Newark Airport Security Breach Video Shows Man Giving Goodbye Kiss to Girlfriend

AVIATION, ESSEX COUNTY, TRANSPORTATION

January 7, 2010

By MIKE FRASSINELLI & JOSEPH R. PERONE

The video of the Newark Liberty International Airport security breach that was finally released to the public on Thursday showed what people who had seen it earlier already described — and more.

The security officer leaving his post. The female passenger helping the man under the security ribbon. The goodbye kiss.

The footage was grainy and the faces hard to make out, but security experts and others who looked at said the problems at the airport were clear.

“It’s a total screw-up in every sense,” said Fred Cate, a professor and security expert at Indiana University.

Cate was one of many security experts who viewed the video for the first time Thursday; many of them found problems that had not yet been pointed out.

“You have people right up against the exit lane,” Cate said, referring to secure and non-secure areas shown in the video being separated only by a rope. “In most airports, you have a corridor. But Newark doesn’t have room. They need some low walls to create an exit, so you don’t have people behind a taped barrier.”

The video was made public after U.S. Sen. Frank Lautenberg (D-N.J.) demanded it from the Transportation Security Administration and Port Authority in an effort to get help from the public in identifying the mystery man who caused Sunday night’s breach inside Terminal C.

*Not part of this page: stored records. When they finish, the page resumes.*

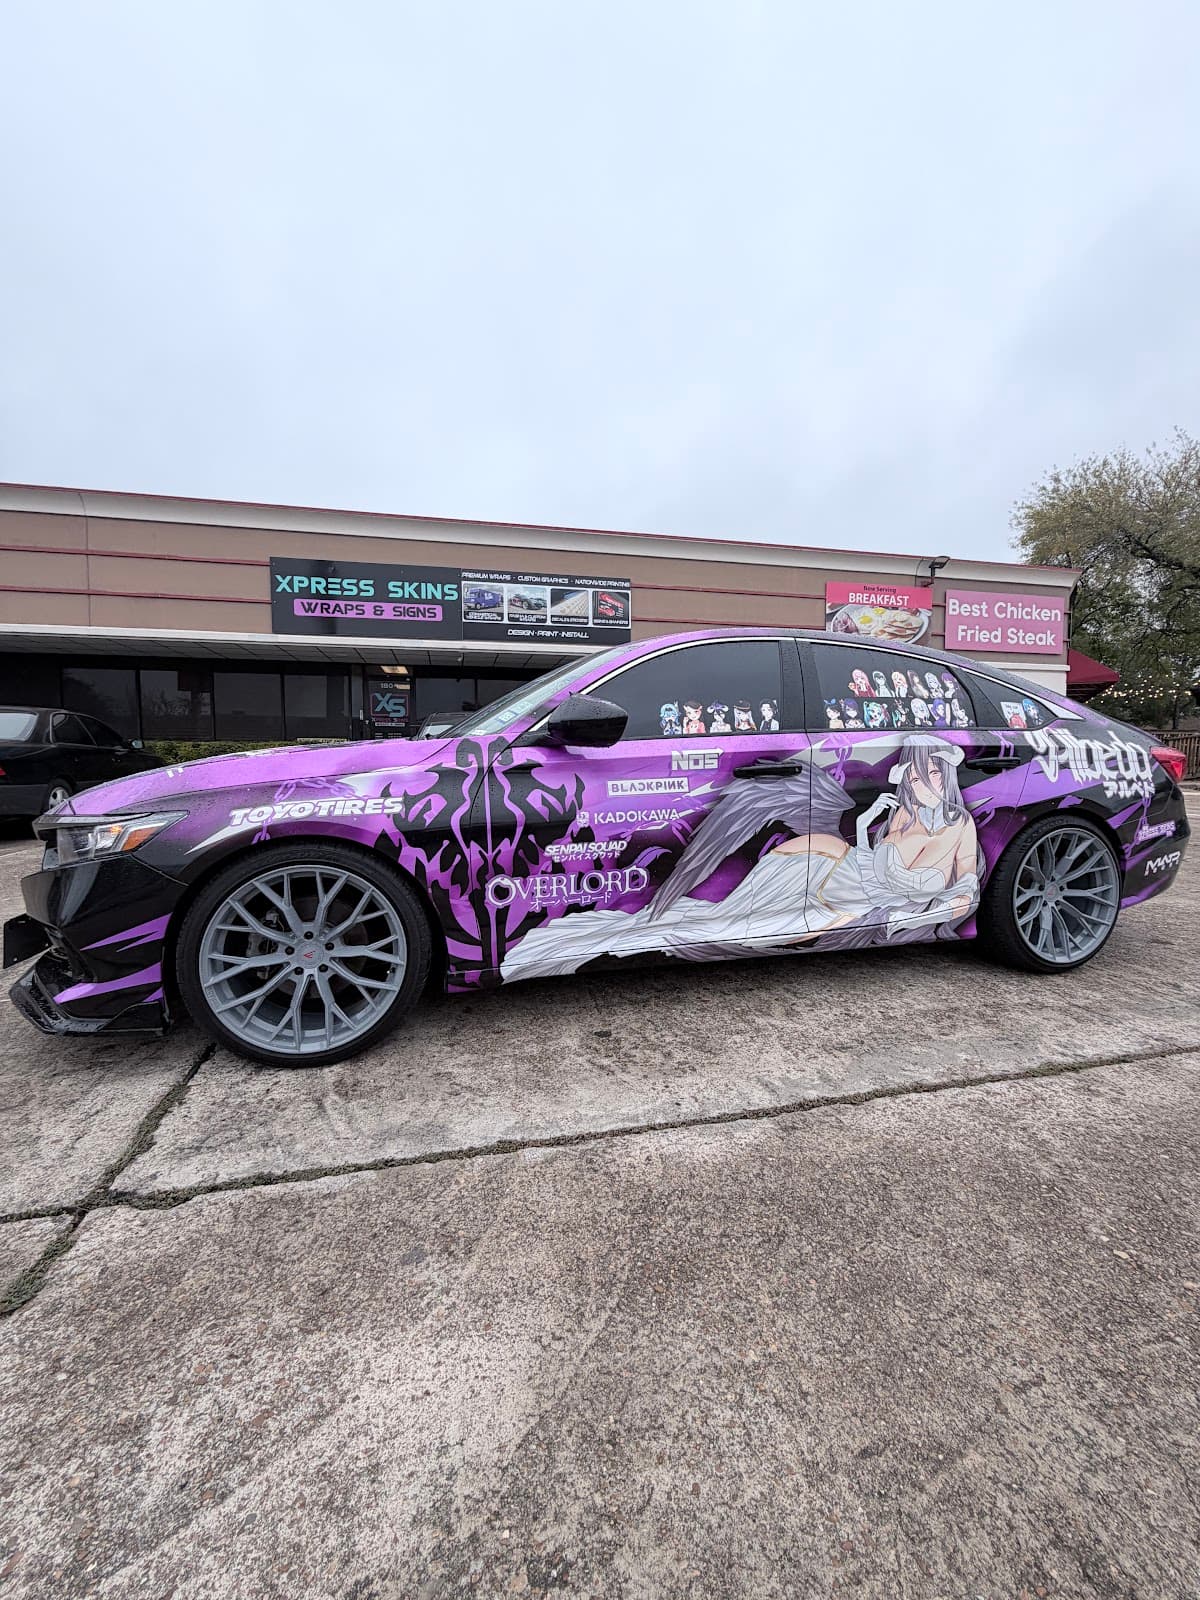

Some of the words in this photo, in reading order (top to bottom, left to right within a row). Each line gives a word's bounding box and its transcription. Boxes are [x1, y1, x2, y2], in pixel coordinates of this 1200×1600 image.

[462, 571, 489, 579] PREMIUM
[488, 573, 511, 581] WRAPS
[541, 576, 569, 584] GRAPHICS
[274, 574, 375, 597] XPRESS
[387, 581, 459, 601] SKINS
[876, 586, 897, 594] Serving
[848, 592, 910, 606] BREAKFAST
[300, 601, 365, 615] WRAPS
[373, 605, 385, 616] &
[392, 606, 437, 618] SIGNS
[948, 598, 989, 618] Best
[994, 601, 1061, 622] Chicken
[957, 625, 1002, 643] Fried
[1007, 627, 1056, 646] Steak
[374, 692, 406, 718] XS
[671, 748, 723, 771] NOS
[611, 780, 685, 793] BLACKPINK
[229, 801, 315, 826] TOYO
[316, 797, 403, 817] TIRES
[594, 808, 680, 825] KADOKAWA
[543, 842, 588, 857] SENPAI
[587, 840, 628, 853] SQUAD
[487, 865, 649, 906] OVERLORD

Among the additional revelations, the video begs the question of how one TSA security officer could possibly keep track of so many people in the exit lane.

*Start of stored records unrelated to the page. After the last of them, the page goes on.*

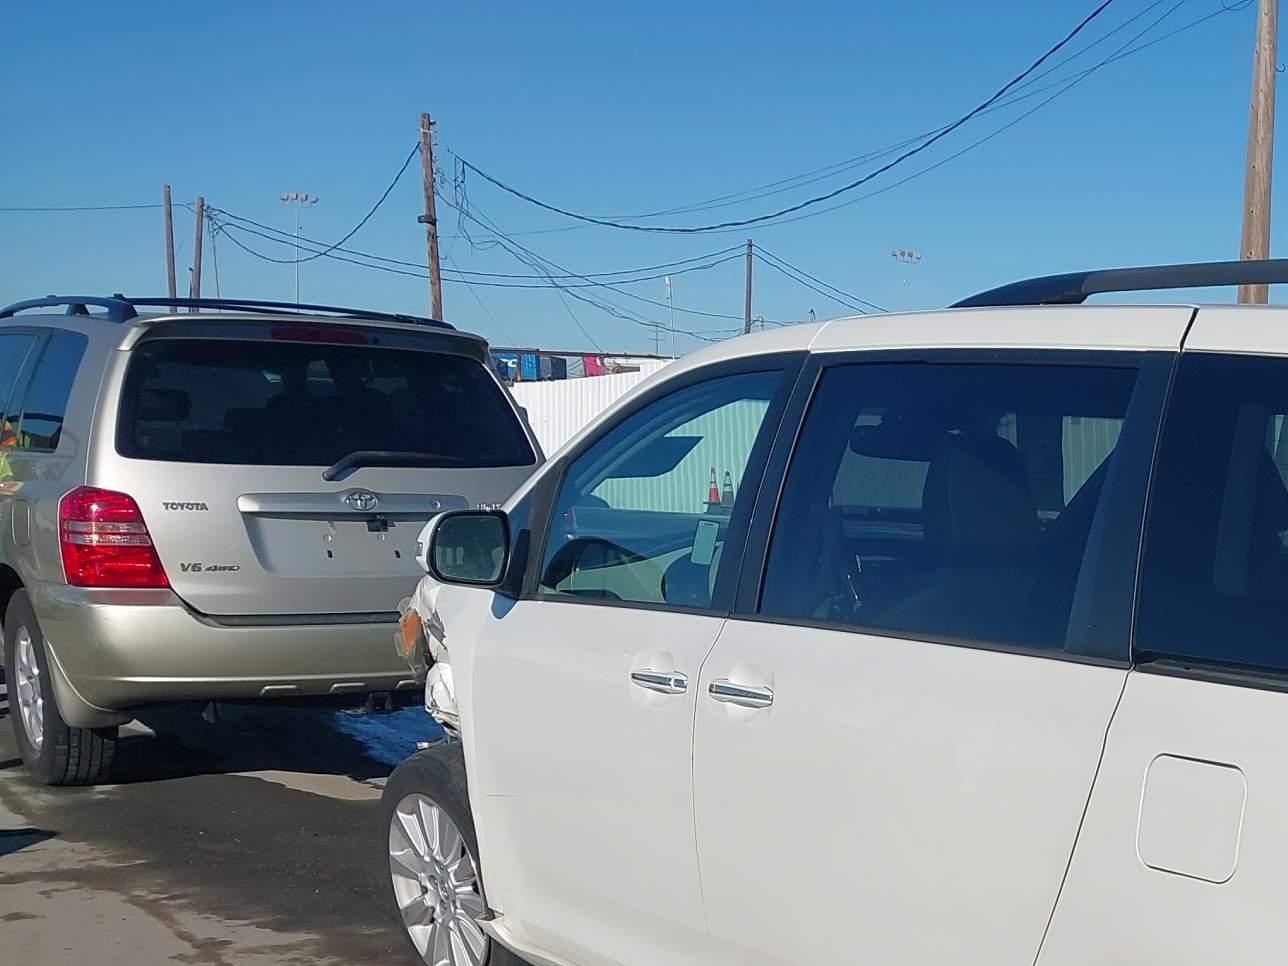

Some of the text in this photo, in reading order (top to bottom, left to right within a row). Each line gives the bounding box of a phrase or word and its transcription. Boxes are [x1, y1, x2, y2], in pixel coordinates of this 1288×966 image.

[162, 502, 209, 511] TOYOTA
[179, 563, 240, 572] V6 4WD
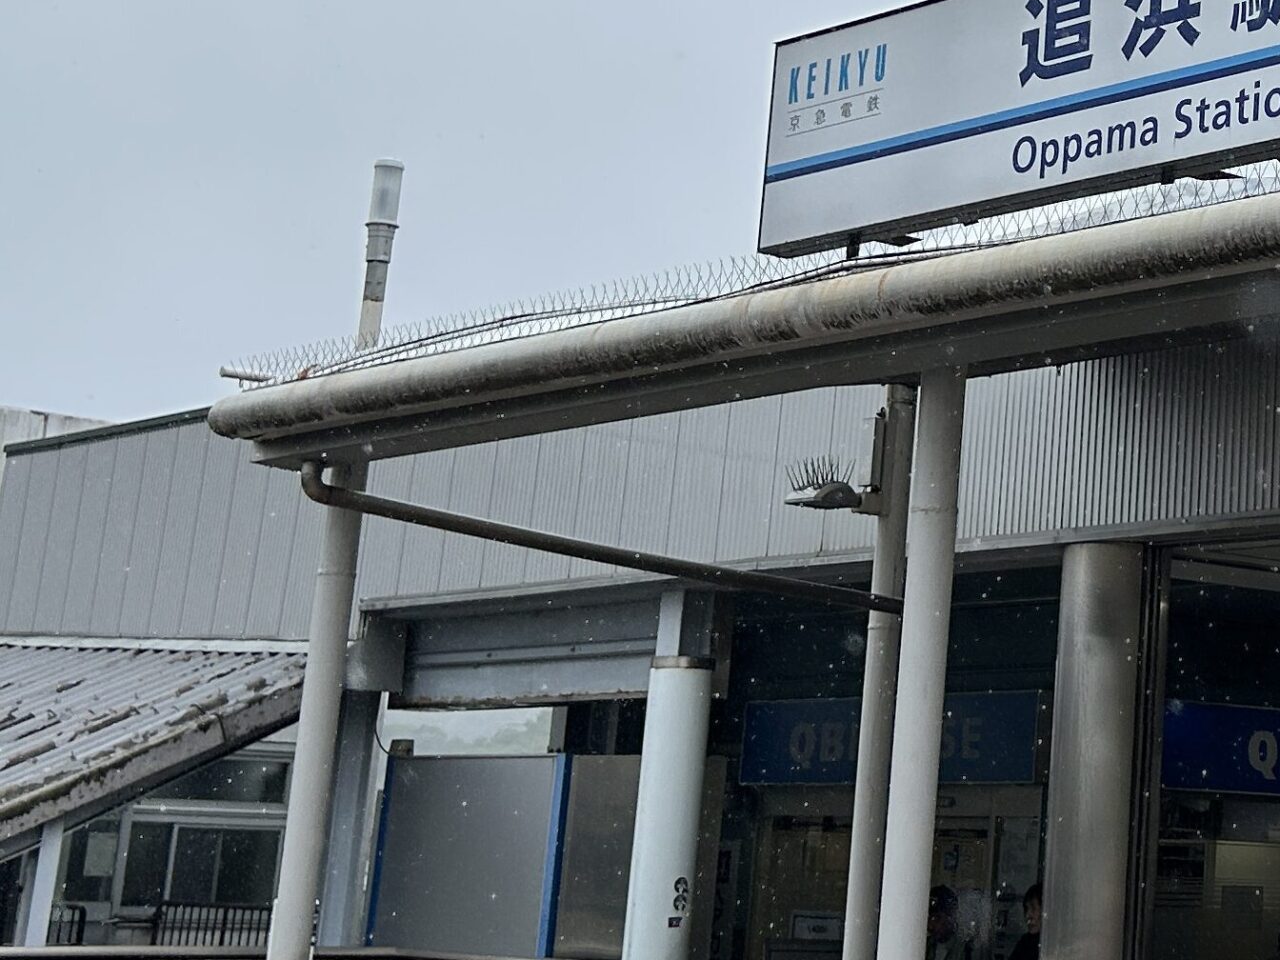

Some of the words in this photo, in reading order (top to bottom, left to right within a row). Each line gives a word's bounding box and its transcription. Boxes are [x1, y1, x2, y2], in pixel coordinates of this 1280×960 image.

[788, 43, 888, 105] KEIKYU
[788, 94, 880, 132] 京急電鉄
[1012, 115, 1159, 179] Oppama

Nonetheless, it does show the officer was away from his post — a small desk near the area where people wait for arriving passengers — for 85 seconds.

While the officer is away from his post at the Terminal C-1 exit lane, a female passenger who had already been screened leans over the same desk to help a man get inside the secure area. The two embrace and walk away hand-in-hand, 30 seconds before the unsuspecting security officer returns to his post.

“I was enraged” by the video, Lautenberg said during a news conference at the airport last night. “To think, here’s a guard post and a narrow corridor — and this guy literally walked through. How could that happen?”

The TSA has said the man, who was not a passenger, later left the airport after seeing off the woman on her flight. Authorities are still trying to locate him.

“It really looked like there was some kind of pre-arranged planning — that he was going to go with her into the controlled area,” said Richard Bloom, director of terrorism, intelligence and security studies at Embry-Riddle Aeronautical University, who said his students pointed out problems revealed by the video all day.

The breach, reported by another passenger, shut down the major terminal at one of America’s busiest airports for nearly six hours, stranding thousands of passengers and tying up flights around the world.

When TSA officers went to review the security breach on a video surveillance recorder focused on the exit lane, they realized the camera system hadn’t been working for six days. That prompted them to try to access the video by Continental Airlines, the main tenant in Terminal C. But there was a delay because TSA called a number different from Continental’s operations center.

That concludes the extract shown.